Poor Educational Outcomes
The result?  The Commonwealth Connections Academy touts high levels of parent satisfaction.  But their school performance profile tells a different story.  Last year they scored an abysmal 54.6, putting them in the lowest category of performance established by the state (by contrast, Emmaus High School’s score was 92.5).  So taxpayers lose and students lose.  The state performance scores are certainly not the only way to measure educational quality, but this huge disparity is hard to ignore.  It seems the real achievement of Commonwealth Connections Academy is limited mostly to funneling public money to private corporate interests.

We Need Meaningful Charter School Reform
I’m picking on this particular school only because I received such slick marketing materials from them.  Many other cyber charters are similar.  The money that goes to schools like Commonwealth Connections Academy comes directly out of our pockets in the form of higher taxes.  And every dollar the district is required to send to such poor-performing cyber schools is a dollar taken out of the well-performing classrooms in our district.  Why are we rewarding failure by punishing success?

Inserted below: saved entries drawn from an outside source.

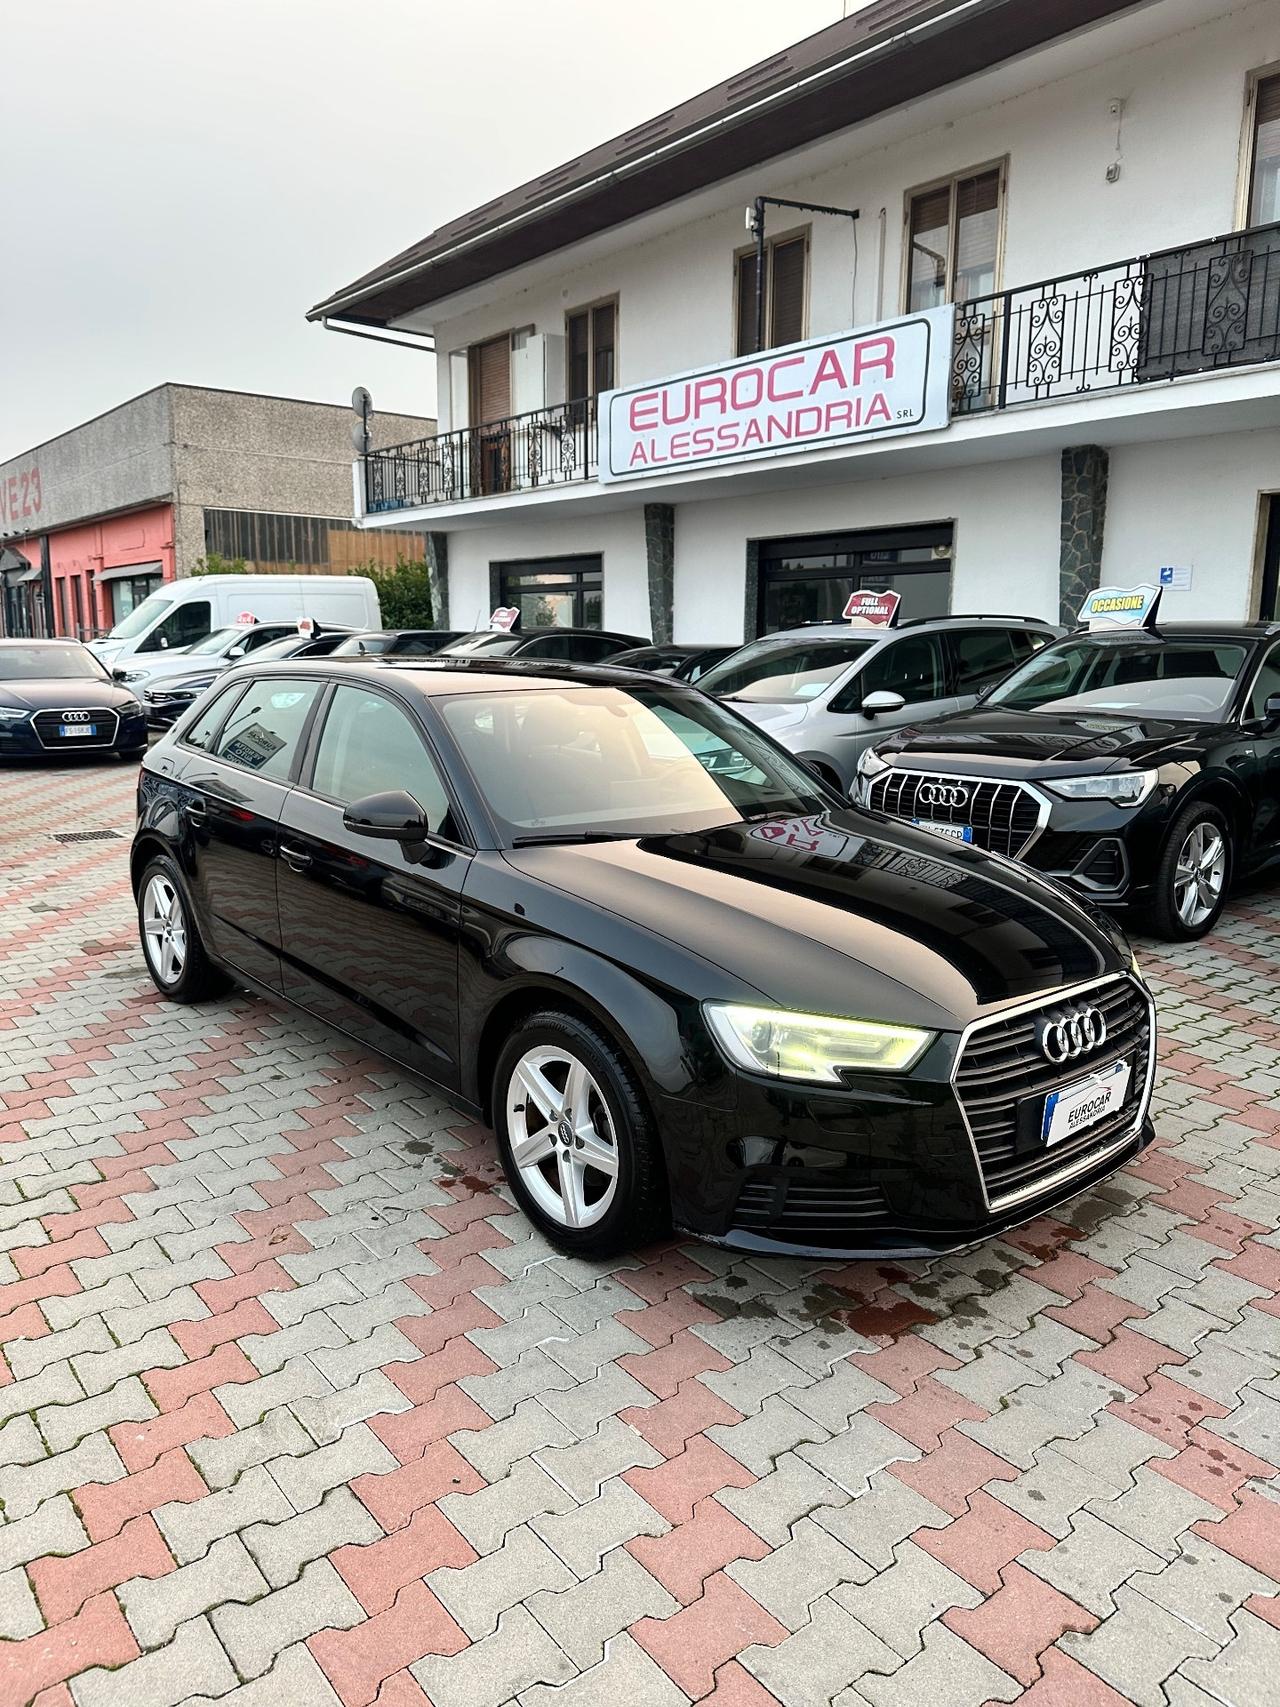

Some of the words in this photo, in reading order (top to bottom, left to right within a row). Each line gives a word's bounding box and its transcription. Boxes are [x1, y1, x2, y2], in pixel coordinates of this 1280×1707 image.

[629, 336, 895, 432] EUROCAR
[629, 392, 892, 467] ALESSANDRIA
[896, 408, 914, 419] SRL
[851, 606, 889, 615] OPTIONAL
[861, 597, 879, 606] FULL
[1091, 595, 1144, 613] OCCASIONE
[1067, 1091, 1112, 1124] EUROCAR

I say all this even as I continue to believe that a diverse school ecosystem is good for kids and our community.  Having different models of education provide a natural laboratory for new ideas and innovation.  Different kinds of schools can offer both parents and students a wider range of opportunities to find an educational approach that fits their values and learning style.  But the current charter school law in Pennsylvania is being exploited by political insiders for financial gain.  This was not– I hope– the original intent of the law.  And such exploitation harms not only traditional public schools, but also those brick-and-mortar charter schools that seek the best possible outcomes for students and taxpayers, rather than corporate shareholders.